Could you retype all of the records exactly, leaving out every picture?

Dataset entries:
——————————
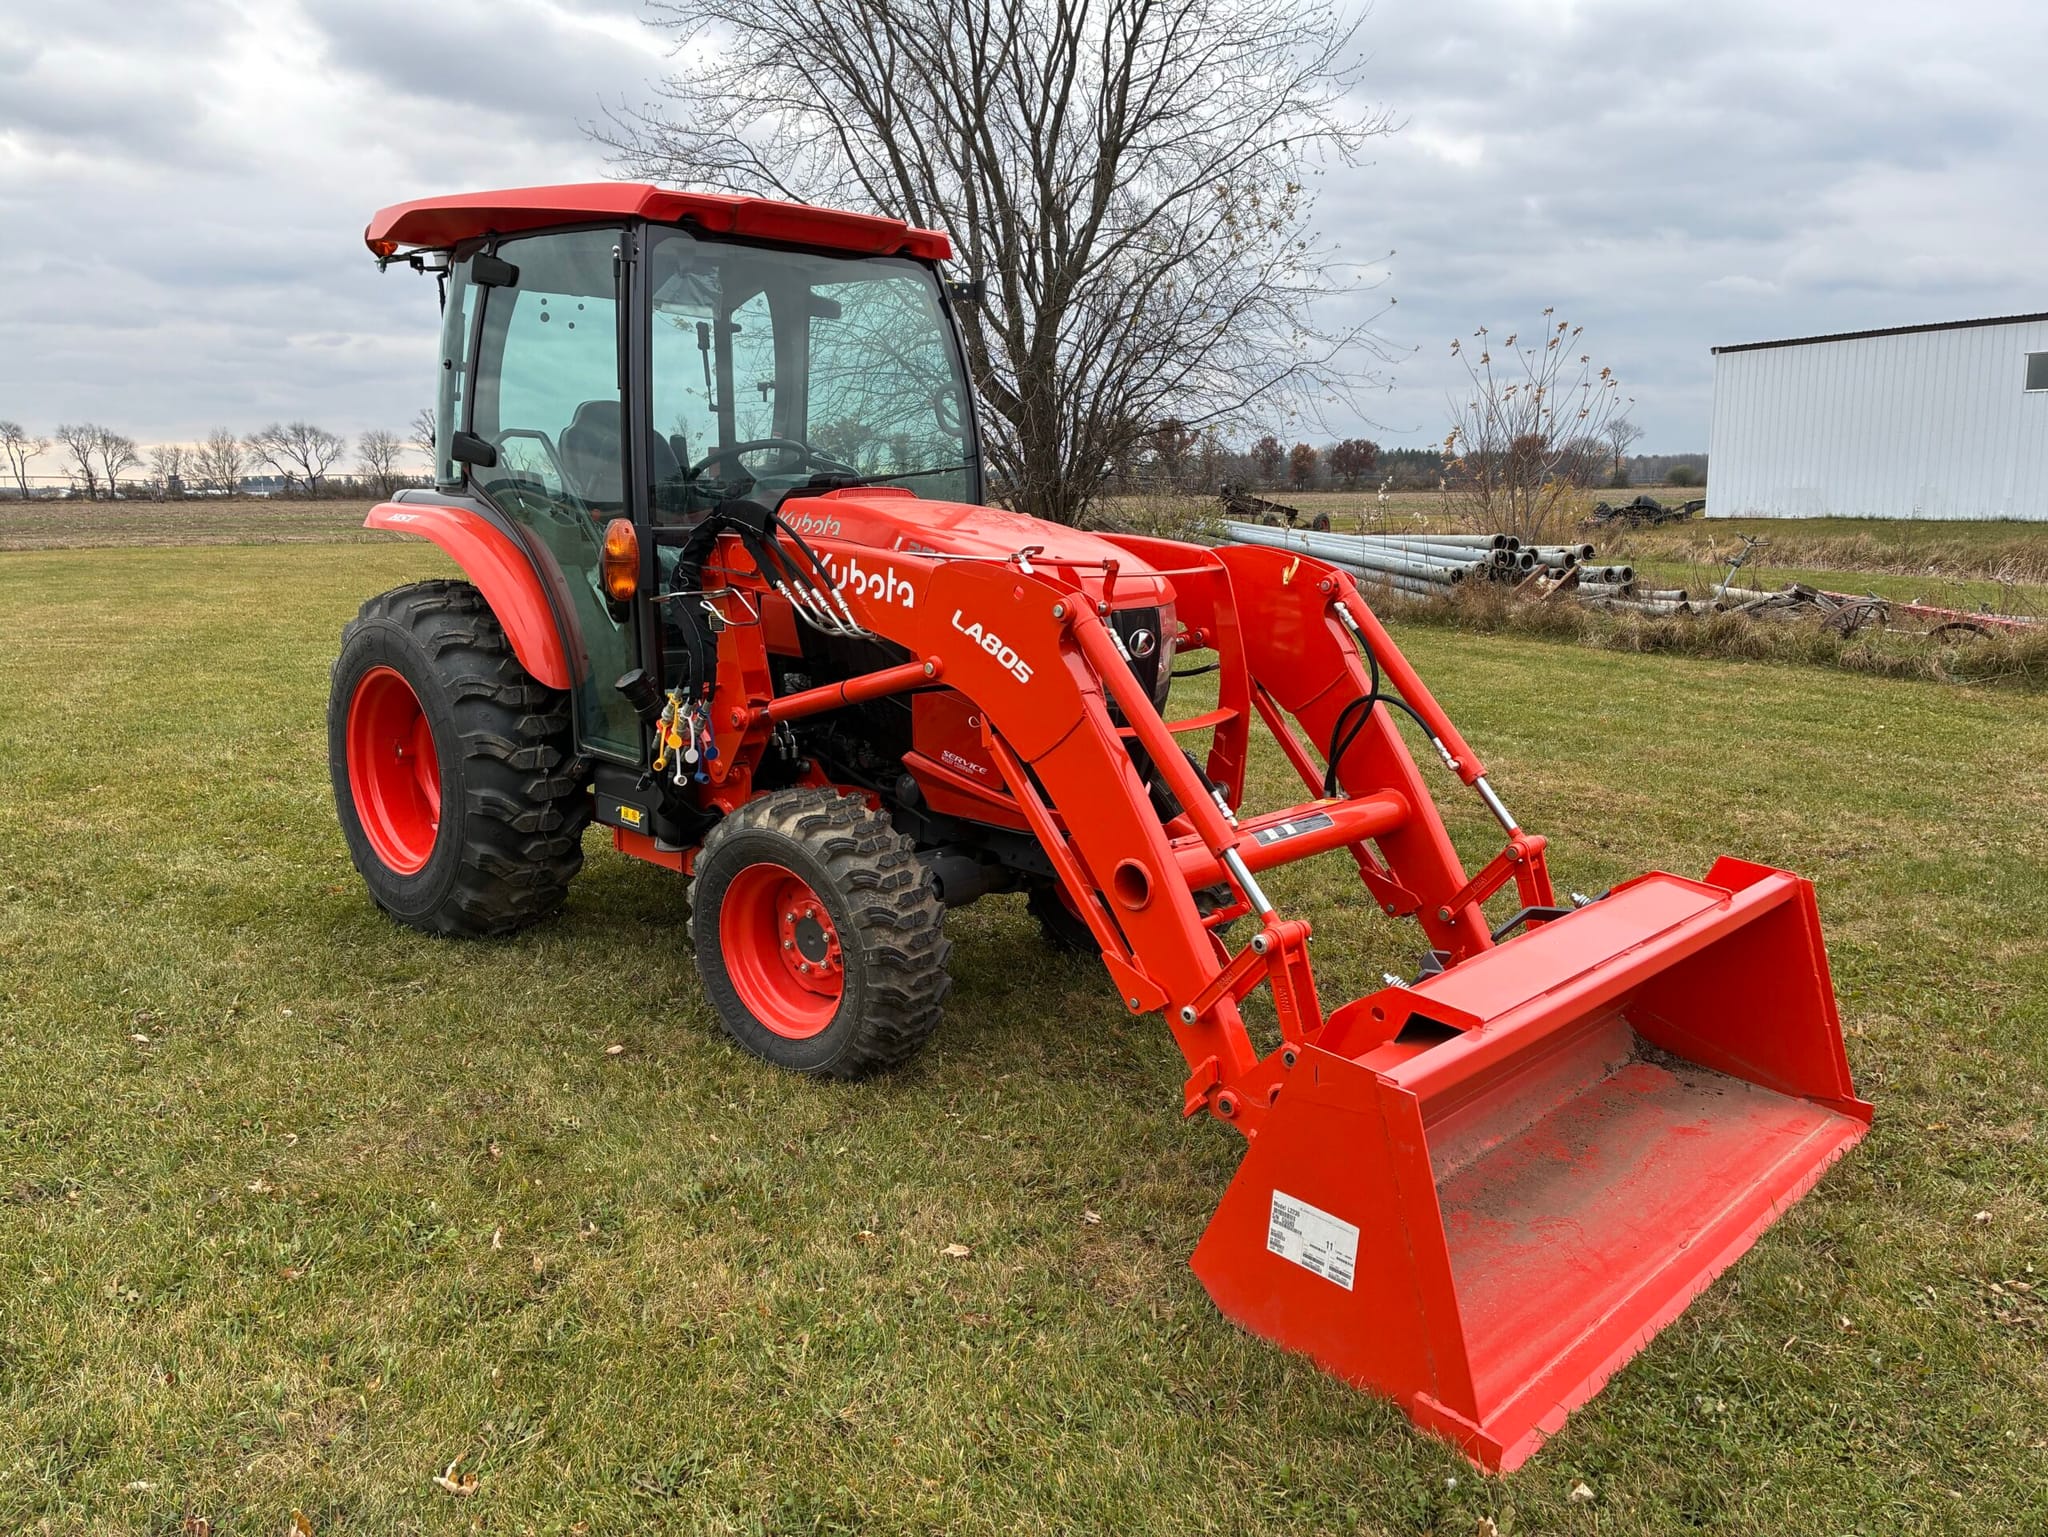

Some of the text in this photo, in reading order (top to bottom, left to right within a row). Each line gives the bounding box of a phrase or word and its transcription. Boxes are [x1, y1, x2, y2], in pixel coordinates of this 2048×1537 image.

[780, 511, 841, 536] Kubota
[812, 550, 914, 608] Kubota
[952, 609, 1034, 683] LA805
[943, 750, 988, 775] SERVICE
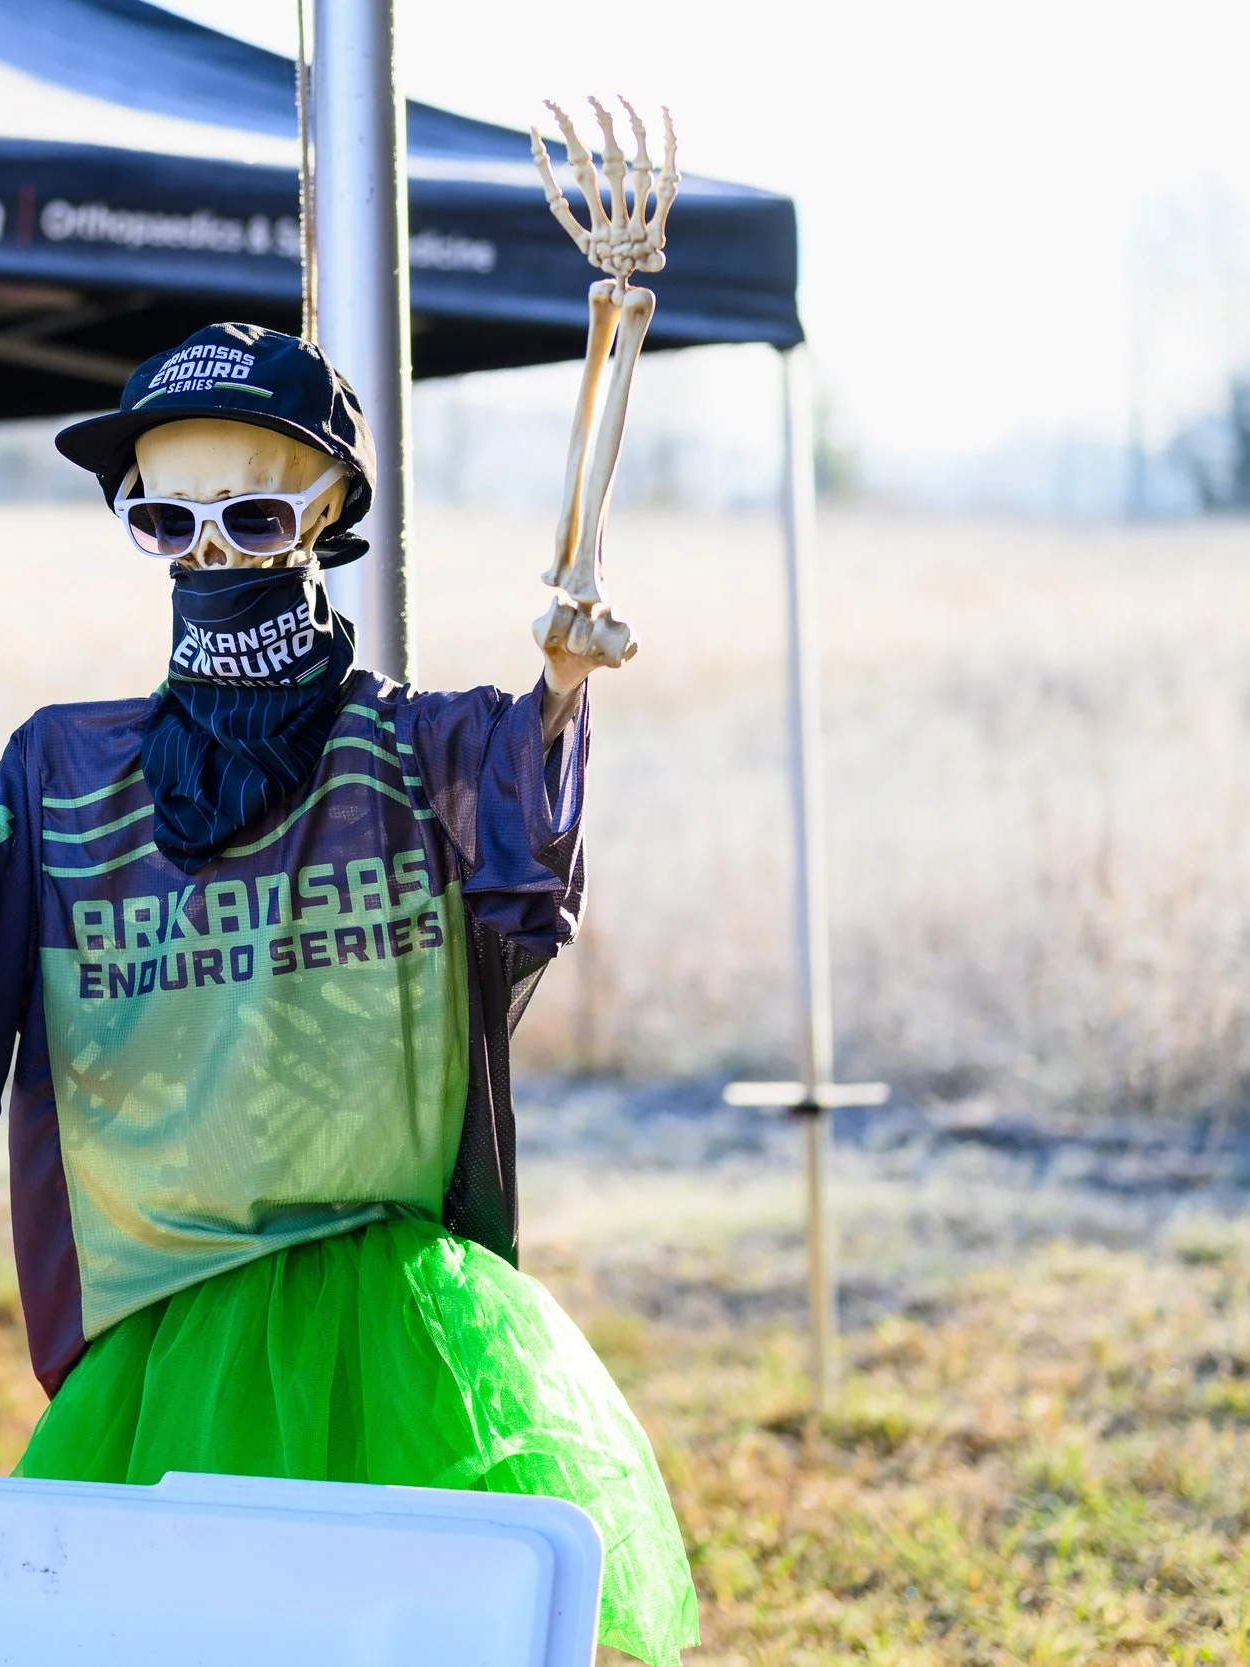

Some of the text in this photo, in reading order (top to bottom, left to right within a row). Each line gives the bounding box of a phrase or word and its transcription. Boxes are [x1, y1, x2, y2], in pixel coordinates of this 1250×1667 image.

[148, 361, 250, 389] ENDURO
[158, 345, 256, 373] ARKANSAS
[167, 379, 214, 394] SERIES
[172, 628, 315, 678] ENDURO
[182, 602, 311, 655] RKANSAS
[72, 848, 434, 952] ARKANSAS
[79, 911, 445, 999] ENDURO SERIES
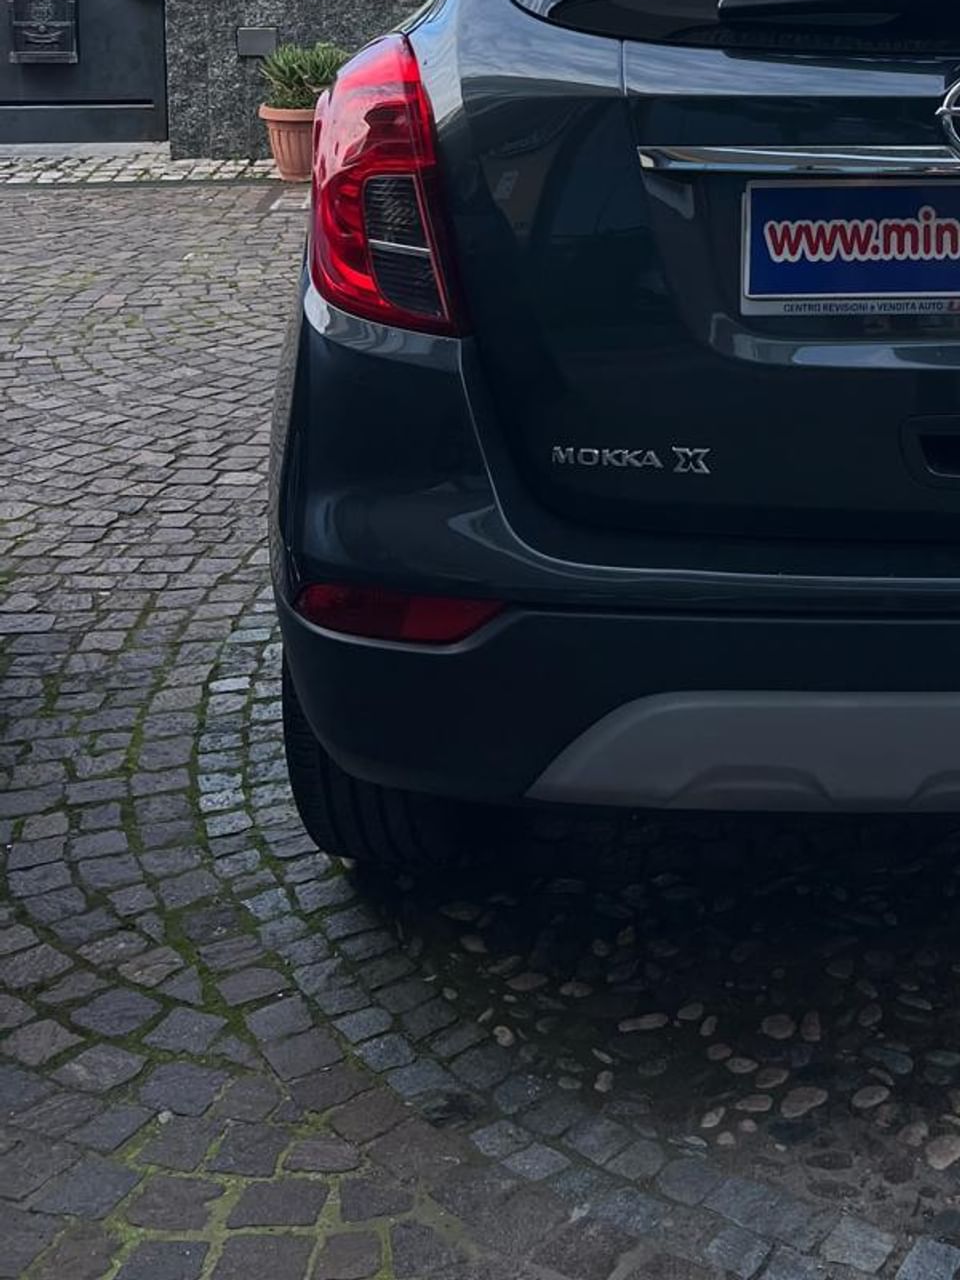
——————————
-- RESPONSE TO THE TASK --
Some of the text in this photo, in reading order (top to bottom, left to right within a row). Each line gives the bounding box of a phrase or word and its transcription. Boxes are [x1, y1, x2, y2], in pixel coordinates of this 2048×1537 image.

[780, 511, 841, 536] Kubota
[812, 550, 914, 608] Kubota
[952, 609, 1034, 683] LA805
[943, 750, 988, 775] SERVICE

Some of the text in this photo, in reading order (top to bottom, left to right within a row). Each line gives the bounding box of a phrase or word and its transcription. Boxes are [x1, y1, x2, y2], in pixel coordinates of this 1250×1667 image.

[148, 361, 250, 389] ENDURO
[158, 345, 256, 373] ARKANSAS
[167, 379, 214, 394] SERIES
[172, 628, 315, 678] ENDURO
[182, 602, 311, 655] RKANSAS
[72, 848, 434, 952] ARKANSAS
[79, 911, 445, 999] ENDURO SERIES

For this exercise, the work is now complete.